Remember, 57% of large scale datacenter costs are servers, so paying any premium above what a rackmount server costs can’t be justified easily.
Practical Compute Given the above, I’d like to call for those involved with OCP to start thinking about not just ‘open compute’, but ‘practical compute’. We have customers now who have many thousands of square feet of datacenter space that is a sunk cost. These facilities are largely paid for and can be retrofitted to some degree, but there are limits. DC space is 4-5% of overall costs, which is not insignificant, especially if that facility is already paid for.
What’s more important? Designing a new 1.07 PUE datacenter for 100M or retrofitting 3-5 existing smaller DCs and getting them down from 2-3 PUE to 1.25-1.5 PUE for closer to 10M per DC [1]? To really bring this home, during Jame’s Hamilton’s keynote at OCP Summit, he specifically said that hot aisle containment could drop a 3 PUE facility to 2.5 or even 2 PUE.
My view is that over the 5-10 year time frame retrofitting existing empty DCs to have much better power, cooling, and more efficient servers is a more practical approach. There are a lot of customers who fit this bill. Unfortunately, the current OCP designs assume that everyone will build new DCs that are designed to wring the last oodle of efficiency out of every step of the process.
In some ways, this reminds me of how people approach ‘availability’ or ‘security’. There is almost an infinite amount of resource you can dump into either bucket, but you quickly reach a point of diminishing returns. Smart business people look very carefully at the risk/reward tradeoffs of availability and security and find a ‘sweet spot’ for those diminishing returns.
For Facebook that point is very different from many of the others who can benefit from the Open Compute Project (OCP).

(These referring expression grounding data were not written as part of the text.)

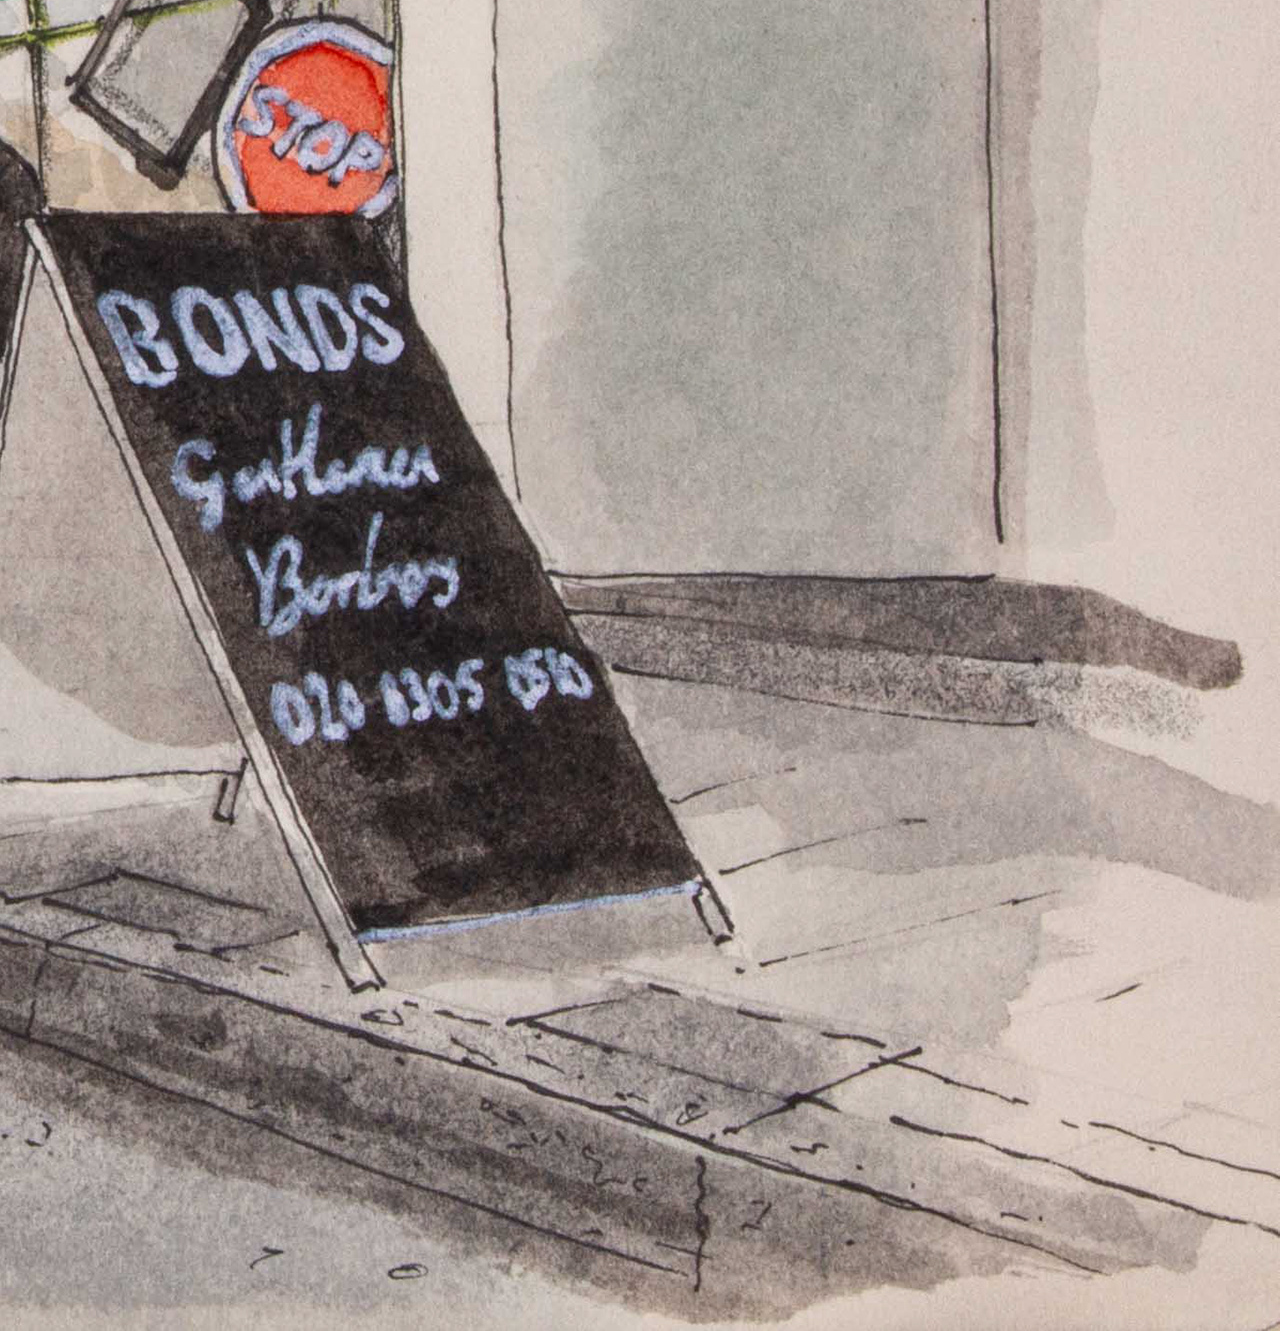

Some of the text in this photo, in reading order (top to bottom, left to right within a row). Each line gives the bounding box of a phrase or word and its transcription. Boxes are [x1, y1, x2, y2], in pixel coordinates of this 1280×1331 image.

[238, 84, 385, 188] STOP
[97, 282, 405, 388] BONDS
[270, 670, 366, 746] 020
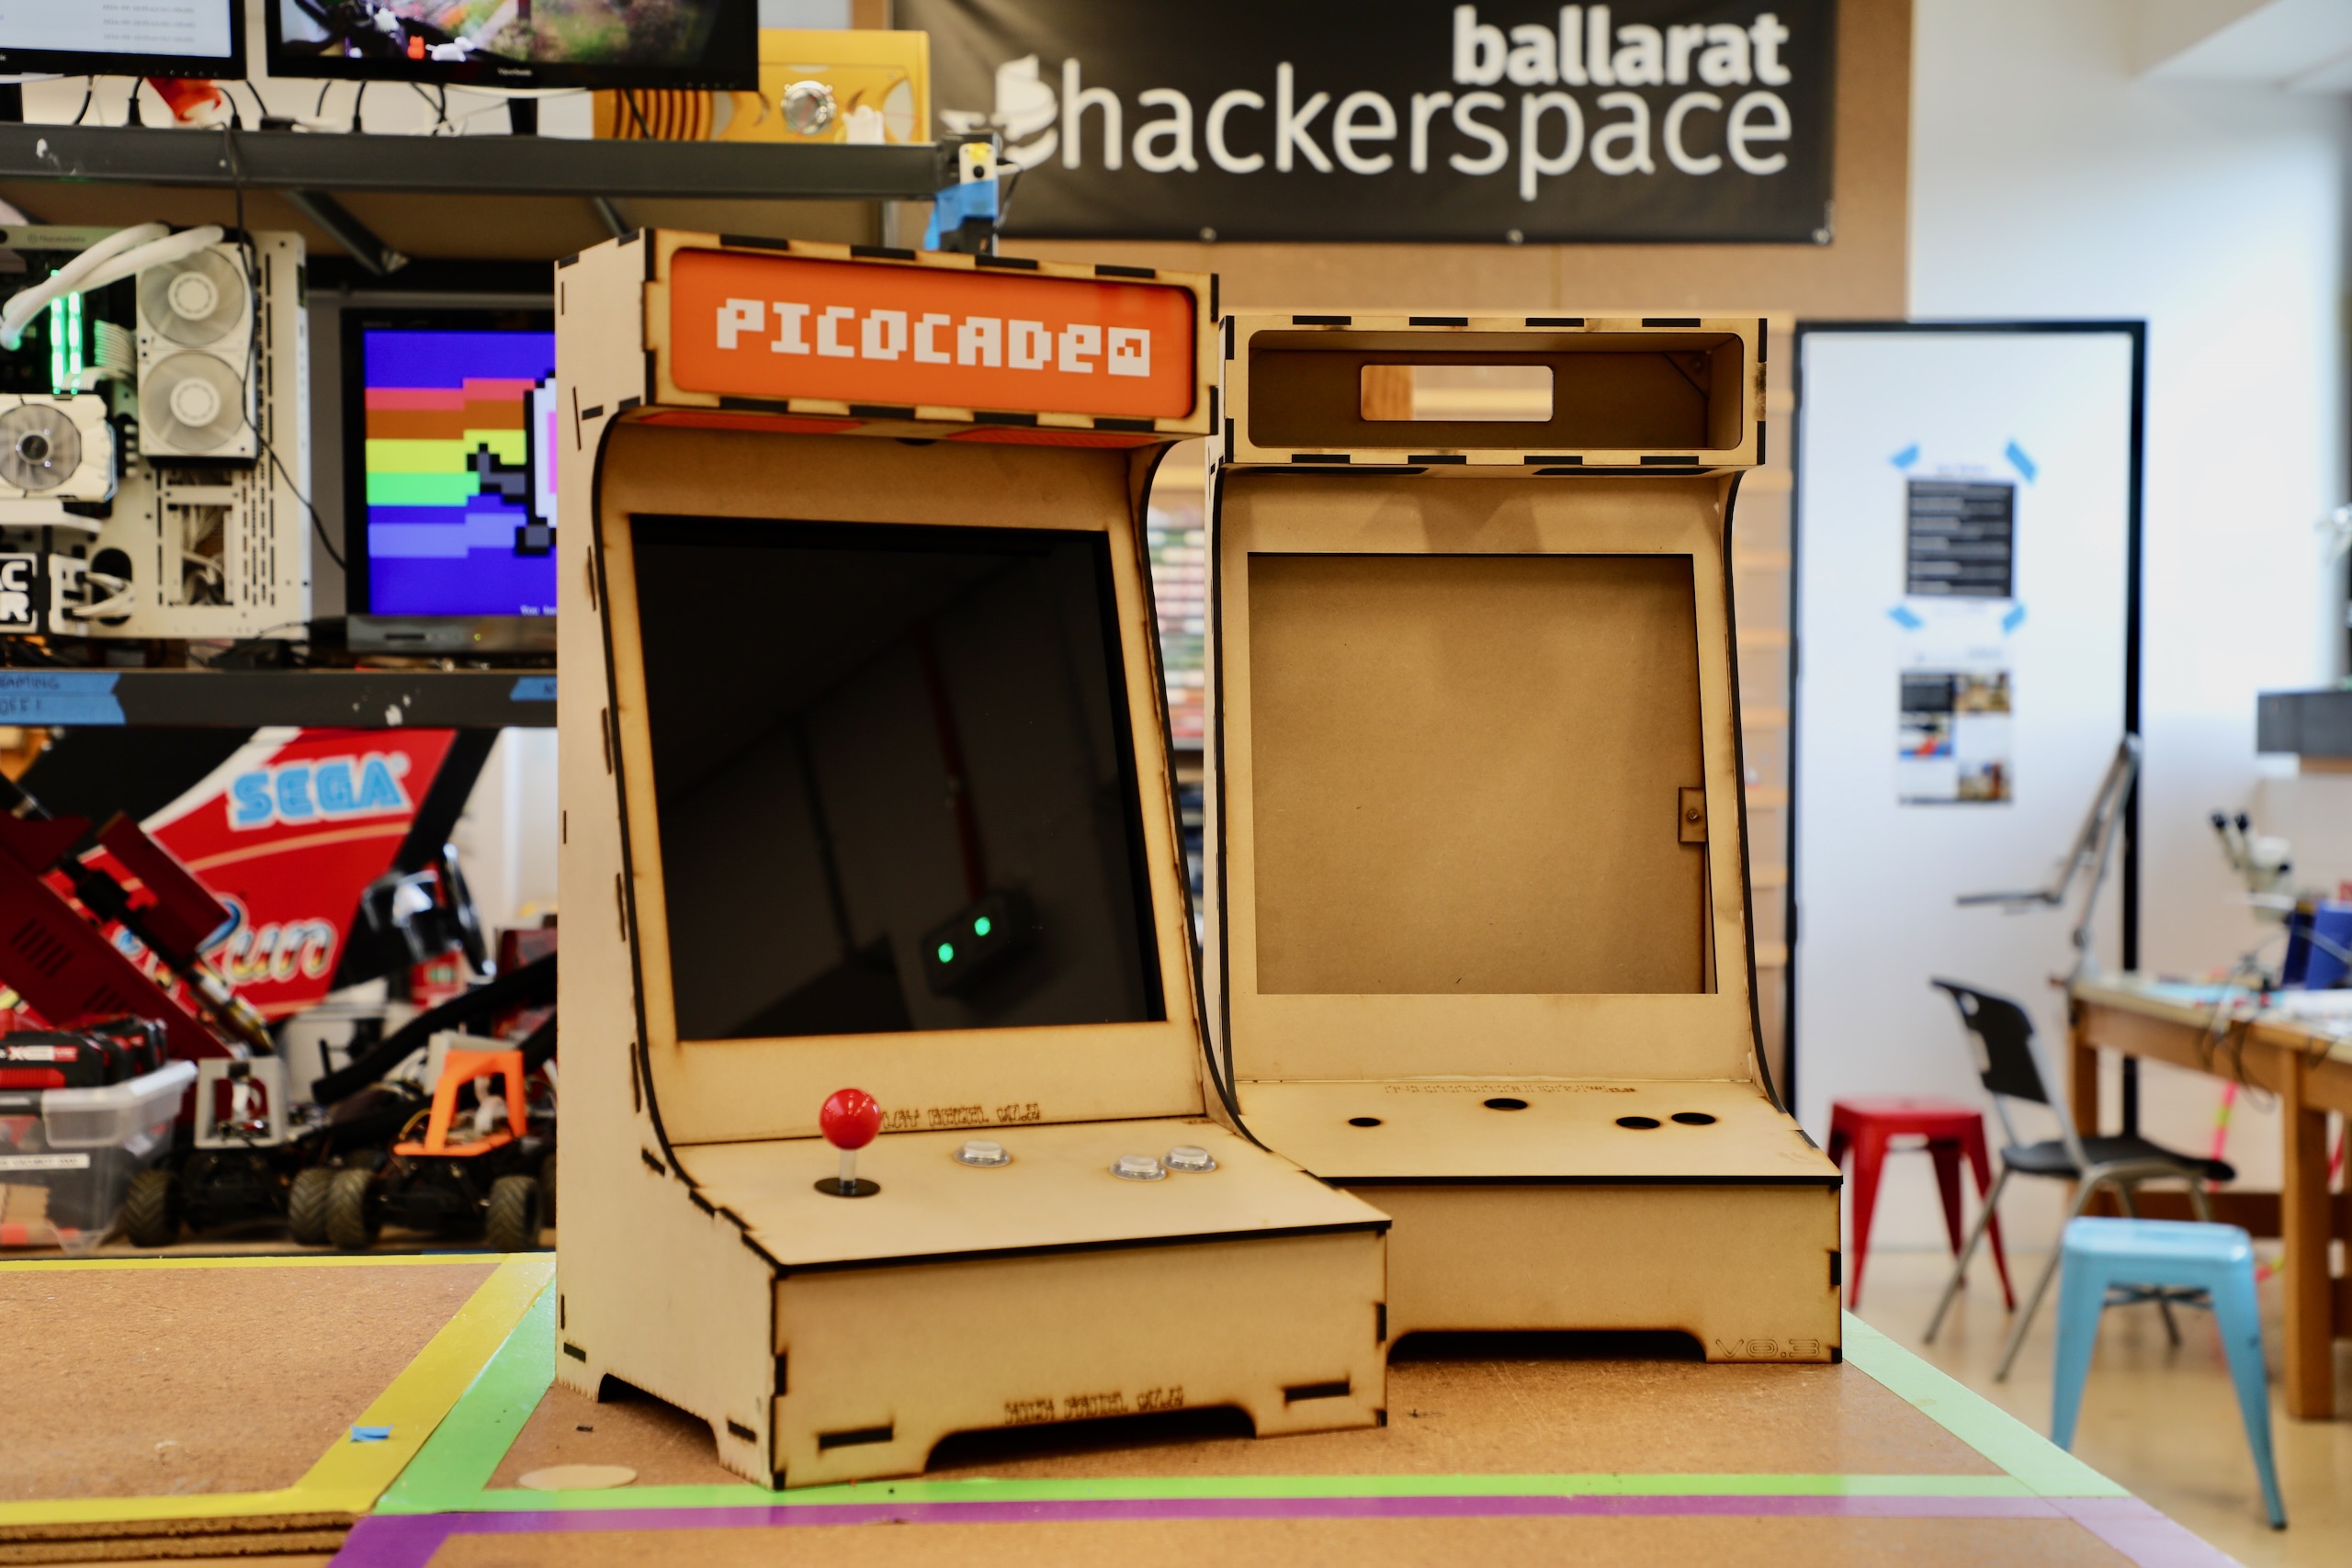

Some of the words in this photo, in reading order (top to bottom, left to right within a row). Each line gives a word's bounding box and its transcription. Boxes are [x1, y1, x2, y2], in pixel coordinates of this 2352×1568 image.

[1453, 5, 1790, 85] ballarat
[1061, 59, 1791, 200] hackerspace
[232, 756, 408, 826] SEGA

OCP’s Future is Bright … I Hope I believe OCP’s future is bright. As I said, we’re working on some designs we hope to push back. I am concerned that the focus on Facebook’s needs, the high bar that is being set, and some of the focus on forward thinking designs may blind the OCP community to the need for pragmatic designs for today’s datacenters. On the other hand, it is important for someone to hold us all to a higher standard when it comes to energy efficiency. We all want to be good citizens. Can OCP strike the right balance and become more broadly meaningful? I believe it can if it keeps in mind that retrofitting existing datacenters is an important short to medium term goal that needs attention.
Big props to Facebook for continuing to open up OCP’s processes and providing guidance on how to participate. Here I think is the seed for how OCP can be wildly successful. We need more constituents with clear pragmatic designs that are based on real world usage and use cases, not overly futuristic thinking.
My message to the greater OCP community is that this is a great start, but the sooner there is a broad base of customers who are not Facebook within the Open Compute Project, the better. Let’s get some real practical computing designs out there for today’s datacenters. OCP could be a tremendous vehicle for change with more active participants with real world problems.
[1] Yes, I’m making these numbers up. It’s more of framing how to evaluate which approach to take rather than any particular facts or data I have. What’s important is that it’s a business evaluation, not an assumption that we need yet more datacenter space.